The home’s original flat roof and framed appearance are reminiscent of a stage, and Specht wanted to keep that form while updating the look. The angular, but light, form comes courtesy of a bulked-up white stucco proscenium—a feature commonly associated with stages—which puts the spotlight on the new ipé wood façade. The home’s color-pop door, recessed entry and linear windows (previously jalousie windows that were updated) keep the front from feeling too heavy while beckoning the eye toward the interior.
“We added windows at the ends so the wood doesn’t just ‘dive into’ the stucco. It’s important to avoid having materials slamming into each other. We like to float them off with glass areas or space. It looks especially nice at night,” Scott points out.
Scott also worked with a landscape architect to complement the hard angles of the home with soft vegetation; and a tiered garden with delicate, wavy grasses cleverly blurs the entrance to an underground garage.
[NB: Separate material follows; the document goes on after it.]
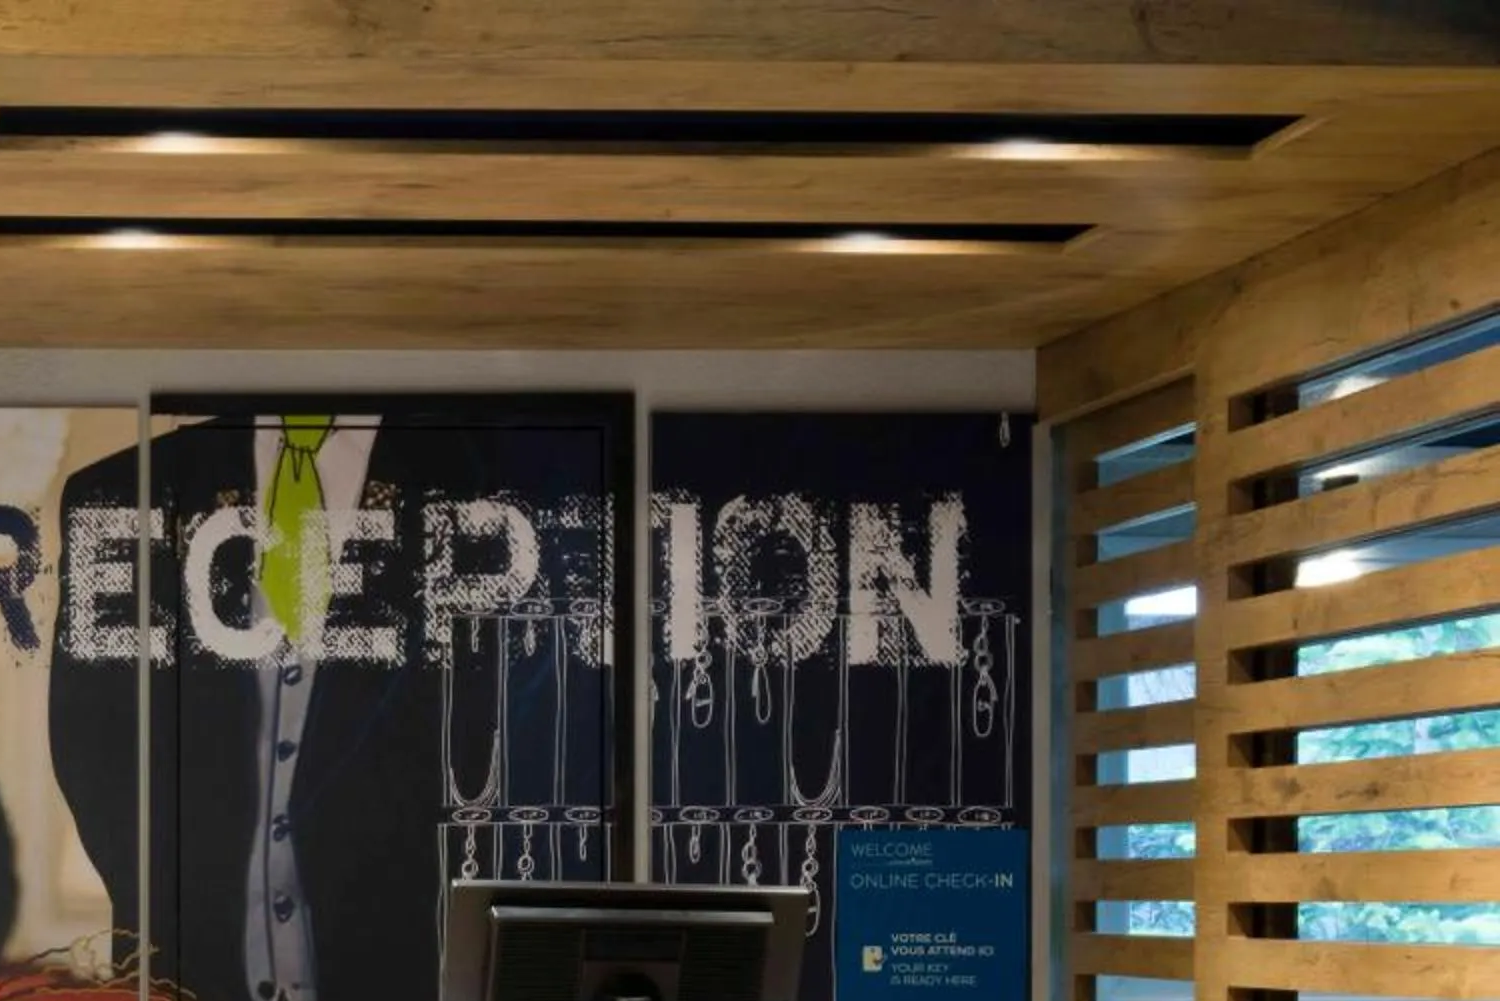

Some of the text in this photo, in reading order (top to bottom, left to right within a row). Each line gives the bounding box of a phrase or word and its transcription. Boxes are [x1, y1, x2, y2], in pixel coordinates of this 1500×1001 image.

[851, 843, 932, 858] WELCOME
[850, 872, 1014, 890] ONLINE CHECK-IN
[891, 933, 932, 944] VOTRE
Says Scott, “I think ‘curb appeal’ has to do with not matching everything else around it. I think that deadens a neighborhood. Curb appeal is really doing something that expresses yourself but is also respectful of your neighbors.”
Architectural Terms You Should Know
Jalousie windows: These are windows with slats of glass that open like horizontal blinds instead of being a single pane of glass. Popular in tropical climates, they’re easy to open to let island breezes in but are extremely energy inefficient.
Proscenium: Typically an arch or a frame, the proscenium is the area surrounding a theater stage, separating it from the auditorium. In architecture, this can be a structure that appears to frame or contain a distinct inner area.
To gather more MCM inspiration from another standout MCM home in New York, read on to learn how an MCM home earmarked for teardown got a second life. And of course, don’t forget to follow us on Instagram, Facebook and Pinterest for more Mid Century Modern inspiration!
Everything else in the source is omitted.